| Collected data entries |
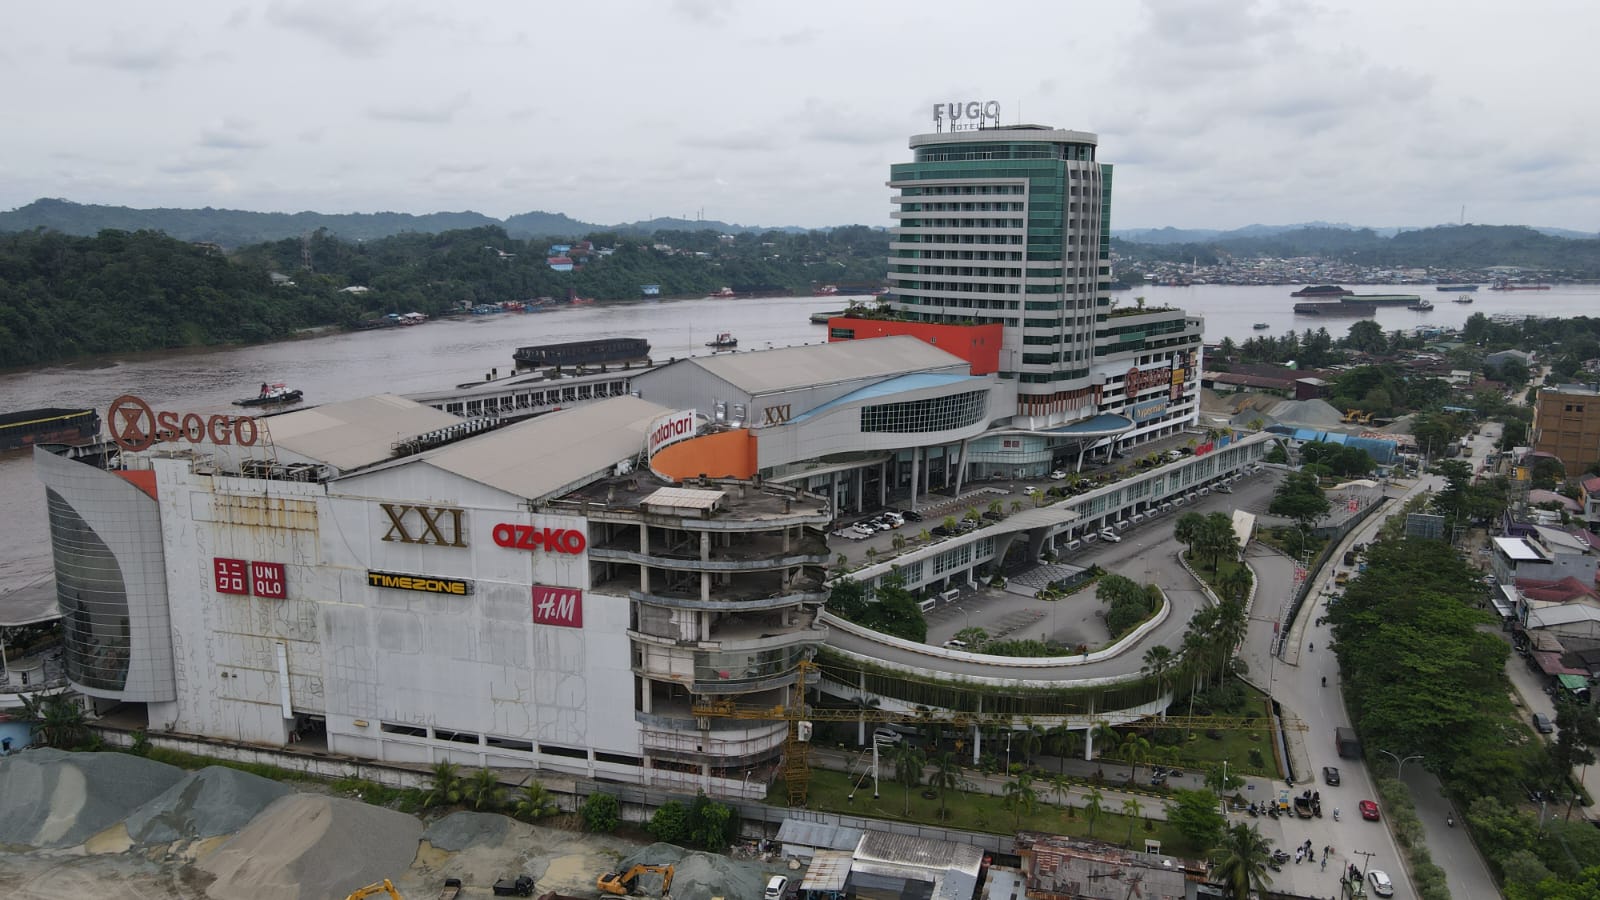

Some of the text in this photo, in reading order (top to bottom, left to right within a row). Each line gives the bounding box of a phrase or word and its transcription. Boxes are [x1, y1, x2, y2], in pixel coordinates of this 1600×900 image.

[933, 100, 1000, 121] FUGO
[157, 411, 257, 447] SOGO
[764, 404, 791, 425] XXI
[649, 412, 692, 448] matahari
[380, 503, 467, 548] XXI
[369, 574, 466, 595] TIMEZONE
[537, 592, 576, 622] H&M

| EXERCISE INSTRUCTIONS |
Output the entries above exactly, without their pictures.

| WRITTEN RESPONSE |
Some of the text in this photo, in reading order (top to bottom, left to right within a row). Each line gives the bounding box of a phrase or word and its transcription. Boxes are [x1, y1, x2, y2], in pixel coordinates of this 1600×900 image.

[933, 100, 1000, 121] FUGO
[157, 411, 257, 447] SOGO
[764, 404, 791, 425] XXI
[649, 412, 692, 448] matahari
[380, 503, 467, 548] XXI
[369, 574, 466, 595] TIMEZONE
[537, 592, 576, 622] H&M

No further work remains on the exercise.